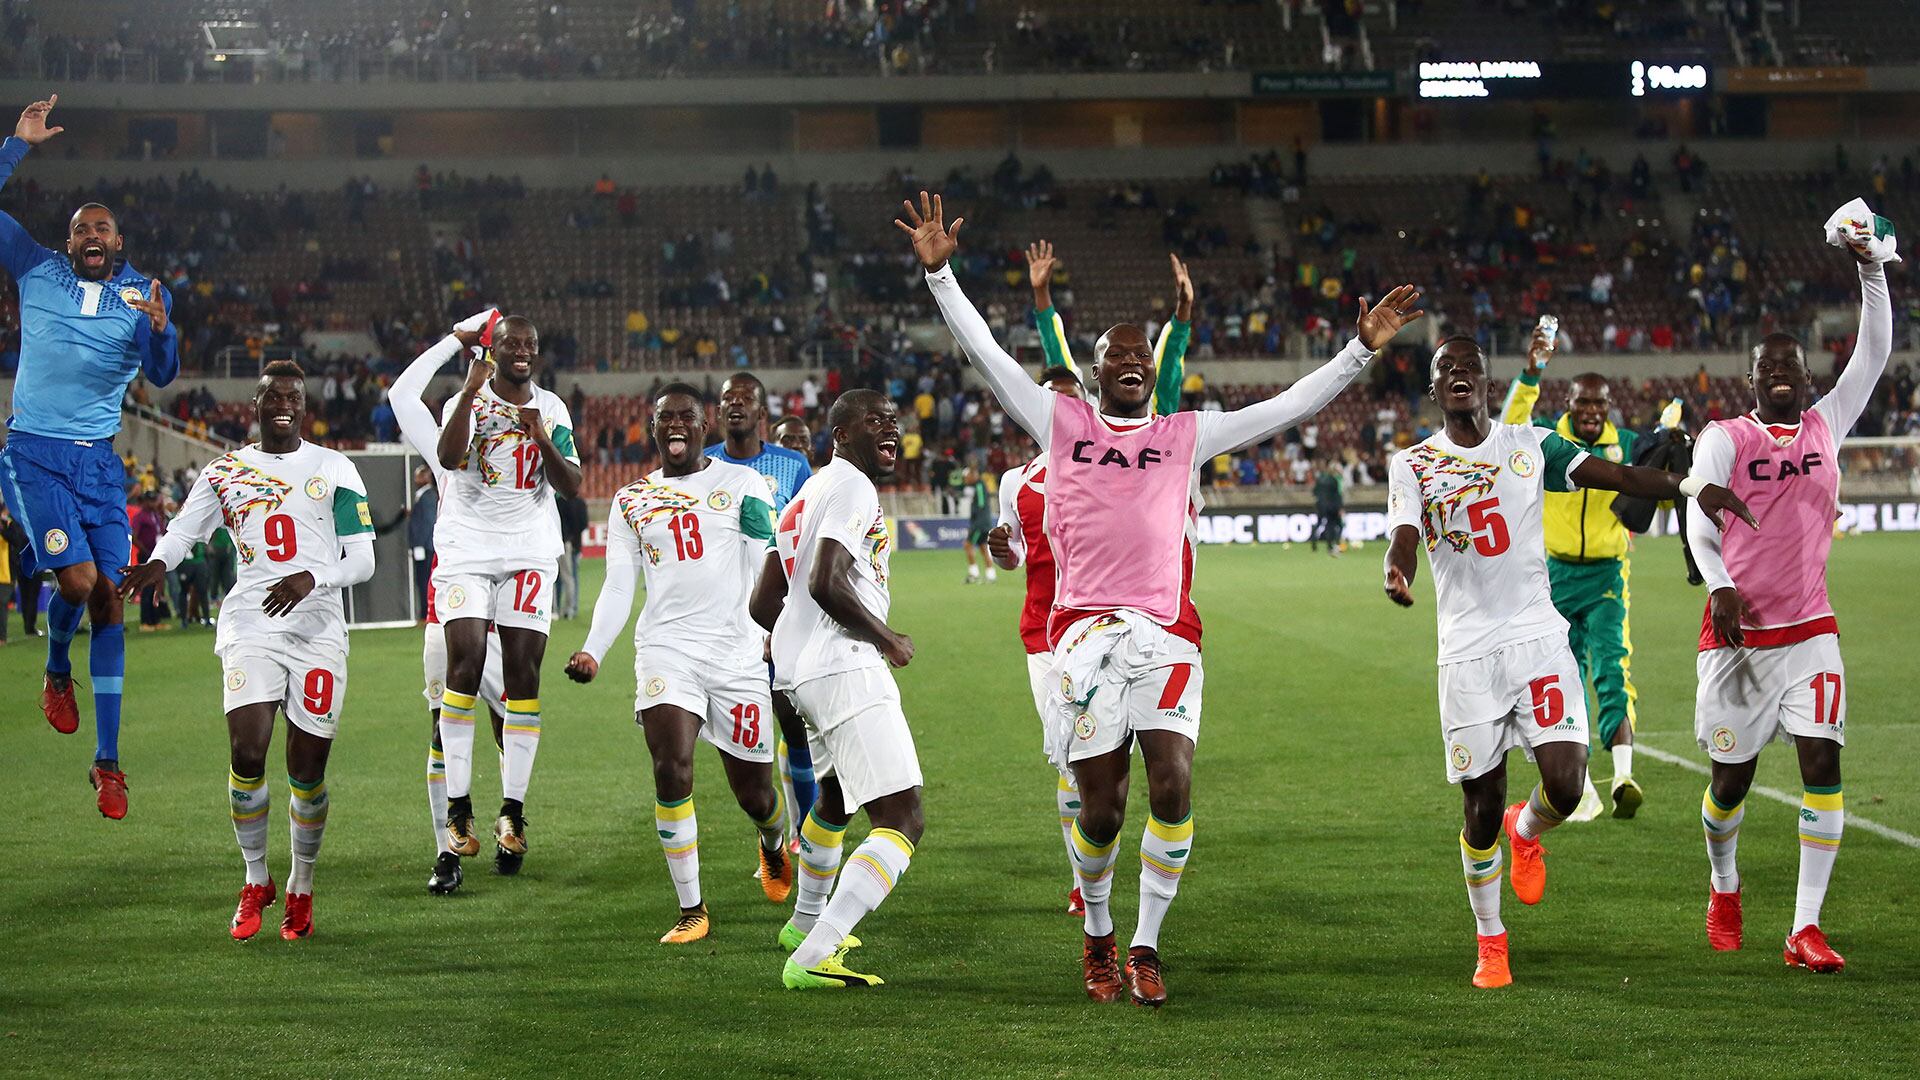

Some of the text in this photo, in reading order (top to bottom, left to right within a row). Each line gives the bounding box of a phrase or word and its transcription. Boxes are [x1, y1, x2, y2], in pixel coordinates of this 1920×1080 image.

[77, 281, 104, 317] 1
[512, 442, 540, 490] 12
[264, 513, 298, 562] 9
[668, 512, 704, 562] 13
[1199, 515, 1254, 543] ABC
[1466, 496, 1511, 557] 5
[513, 570, 541, 614] 12
[303, 668, 334, 715] 9
[1529, 674, 1564, 728] 5
[1809, 672, 1842, 725] 17
[730, 703, 760, 749] 13

==================================================

§ **Exercise objective**:
Excluding the images, copy all of the material above verbatim.

§ **Reply to the exercise**:
Some of the text in this photo, in reading order (top to bottom, left to right within a row). Each line gives the bounding box of a phrase or word and its transcription. Boxes are [x1, y1, x2, y2], in pixel coordinates of this 1920×1080 image.

[77, 281, 104, 317] 1
[512, 442, 540, 490] 12
[264, 513, 298, 562] 9
[668, 512, 704, 562] 13
[1199, 515, 1254, 543] ABC
[1466, 496, 1511, 557] 5
[513, 570, 541, 614] 12
[303, 668, 334, 715] 9
[1529, 674, 1564, 728] 5
[1809, 672, 1842, 725] 17
[730, 703, 760, 749] 13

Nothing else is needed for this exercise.